WHAT IS EXPECTED = Each record in the material below must be written out again exactly.

═══ INFORMATION SHOWN ═══

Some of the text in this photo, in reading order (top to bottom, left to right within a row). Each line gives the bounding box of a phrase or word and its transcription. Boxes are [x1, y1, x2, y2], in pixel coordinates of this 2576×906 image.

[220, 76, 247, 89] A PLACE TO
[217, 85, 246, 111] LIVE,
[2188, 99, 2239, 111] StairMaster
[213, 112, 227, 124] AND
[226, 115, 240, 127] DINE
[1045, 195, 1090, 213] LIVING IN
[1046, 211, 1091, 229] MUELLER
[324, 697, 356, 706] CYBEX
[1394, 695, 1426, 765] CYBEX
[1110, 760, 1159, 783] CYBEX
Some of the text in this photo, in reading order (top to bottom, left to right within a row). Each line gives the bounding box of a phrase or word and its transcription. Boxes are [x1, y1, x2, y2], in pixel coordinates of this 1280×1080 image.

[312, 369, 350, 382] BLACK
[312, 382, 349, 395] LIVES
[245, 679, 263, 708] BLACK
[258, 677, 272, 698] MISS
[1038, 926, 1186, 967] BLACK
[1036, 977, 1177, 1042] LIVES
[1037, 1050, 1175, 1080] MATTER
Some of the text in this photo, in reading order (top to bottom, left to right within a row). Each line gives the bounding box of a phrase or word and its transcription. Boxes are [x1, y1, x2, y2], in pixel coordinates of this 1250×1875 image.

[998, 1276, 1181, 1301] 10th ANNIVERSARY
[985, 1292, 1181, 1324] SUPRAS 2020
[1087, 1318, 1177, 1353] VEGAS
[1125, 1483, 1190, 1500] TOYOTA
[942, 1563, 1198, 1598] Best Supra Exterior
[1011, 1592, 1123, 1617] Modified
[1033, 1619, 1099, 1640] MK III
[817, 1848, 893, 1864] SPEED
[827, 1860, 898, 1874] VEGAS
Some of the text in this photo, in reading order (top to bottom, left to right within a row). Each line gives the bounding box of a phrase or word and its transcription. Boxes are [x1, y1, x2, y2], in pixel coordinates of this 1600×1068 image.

═══

RESULT FOR THIS TASK =
Some of the text in this photo, in reading order (top to bottom, left to right within a row). Each line gives the bounding box of a phrase or word and its transcription. Boxes are [x1, y1, x2, y2], in pixel coordinates of this 2576×906 image.

[220, 76, 247, 89] A PLACE TO
[217, 85, 246, 111] LIVE,
[2188, 99, 2239, 111] StairMaster
[213, 112, 227, 124] AND
[226, 115, 240, 127] DINE
[1045, 195, 1090, 213] LIVING IN
[1046, 211, 1091, 229] MUELLER
[324, 697, 356, 706] CYBEX
[1394, 695, 1426, 765] CYBEX
[1110, 760, 1159, 783] CYBEX
Some of the text in this photo, in reading order (top to bottom, left to right within a row). Each line gives the bounding box of a phrase or word and its transcription. Boxes are [x1, y1, x2, y2], in pixel coordinates of this 1280×1080 image.

[312, 369, 350, 382] BLACK
[312, 382, 349, 395] LIVES
[245, 679, 263, 708] BLACK
[258, 677, 272, 698] MISS
[1038, 926, 1186, 967] BLACK
[1036, 977, 1177, 1042] LIVES
[1037, 1050, 1175, 1080] MATTER
Some of the text in this photo, in reading order (top to bottom, left to right within a row). Each line gives the bounding box of a phrase or word and its transcription. Boxes are [x1, y1, x2, y2], in pixel coordinates of this 1250×1875 image.

[998, 1276, 1181, 1301] 10th ANNIVERSARY
[985, 1292, 1181, 1324] SUPRAS 2020
[1087, 1318, 1177, 1353] VEGAS
[1125, 1483, 1190, 1500] TOYOTA
[942, 1563, 1198, 1598] Best Supra Exterior
[1011, 1592, 1123, 1617] Modified
[1033, 1619, 1099, 1640] MK III
[817, 1848, 893, 1864] SPEED
[827, 1860, 898, 1874] VEGAS
Some of the text in this photo, in reading order (top to bottom, left to right within a row). Each line gives the bounding box of a phrase or word and its transcription. Boxes are [x1, y1, x2, y2], in pixel coordinates of this 1600×1068 image.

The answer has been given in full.